Au-delà de l’écologie, des conditions justes pour une éthique globale.

Parce que l’éthique englobe tout une idéologie, la refonte de la marque a du également passer par une reconnexion avec les prestataires impliqués. Afin de s’assurer des conditions de travail auxquelles la chaussure sera affiliée, le duo s’est rendu dans un atelier européen où il a pu établir une relation de confiance avec son gérant : « Je m’y rends plusieurs fois par an, et je peux vous assurer qu’ils sont respectueux des conditions de leurs salariés. Tous les ouvriers et ouvrières ont par exemple un rythme de travail qui leur permet d’aller chercher leurs enfants à l’école. J’ai un rapport amical avec Adrian qui est le responsable de l’atelier de production, je connais ses enfants, sa femme et également plusieurs ouvriers. Si vous voulez que vos chaussures soient réalisées avec soin il faut créer du lien, c’est essentiel selon moi, le lien créé la confiance » .

Charles-Hugo et Julia, à l’origine de JUCH

Ce lien, Juch compte bien le créer également avec ses clients, auprès de qui la marque s’engage à une totale transparence.
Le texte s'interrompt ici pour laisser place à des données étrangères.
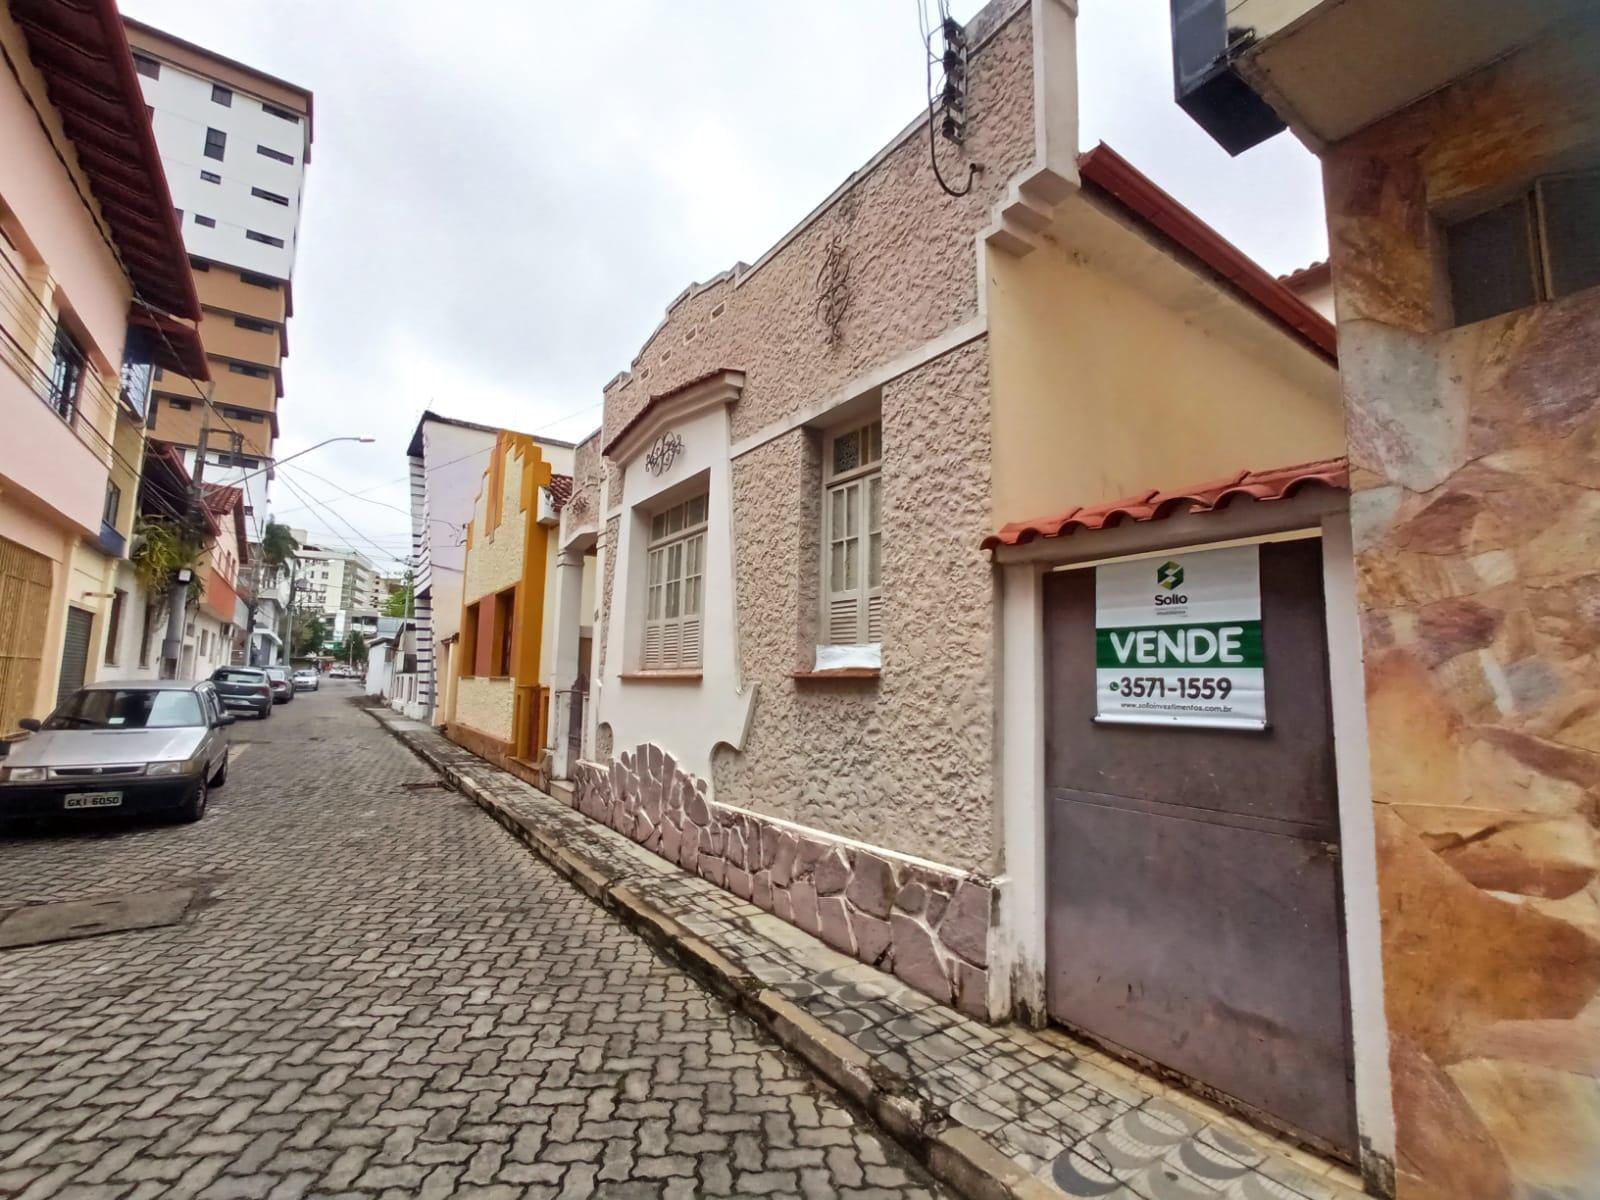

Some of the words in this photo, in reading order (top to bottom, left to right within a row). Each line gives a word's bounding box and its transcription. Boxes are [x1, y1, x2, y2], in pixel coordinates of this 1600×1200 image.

[1154, 594, 1188, 606] Sollo
[1110, 627, 1244, 663] VENDE
[1121, 676, 1232, 700] 3571-1559
Suivant ce principe, l’équipe a investi beaucoup de temps et d’énergie à la mise en place d’une chaîne de contrôle par les utilisateurs : « Concernant les certifications et les différents labels nous les validons actuellement avec notre partenaire Crystal Chain afin d’être capable de tout tracer (c’est un gros investissement) et surtout d’être 100% transparent ! La blockchain apporte la preuve des provenances, à travers un échange d’informations qui, une fois enregistrées, ne sont plus modifiables et c’est ça qui est intéressant ! Cela veut dire que nos fournisseurs se doivent de nous valider et de nous fournir leurs certifications en nous envoyant la preuve par l’intermédiaire de documents visés. Si le fournisseur n’a pas certaines certifications nous ne travaillons pas avec » .

Côté pratique : la marque a créé un QR code qui permettra à chacun de connaître la provenance et les matières utilisées dans la fabrication de leur chaussure. Le QR code, sur cette première édition, sera sur la boîte de la chaussure. Une boîte en carton que Julia et Charles-Hugo ont également promis de ne pas suremballer. Une paire, la boîte, et un sachet en toile pour leur lavage en machine suffiront amplement.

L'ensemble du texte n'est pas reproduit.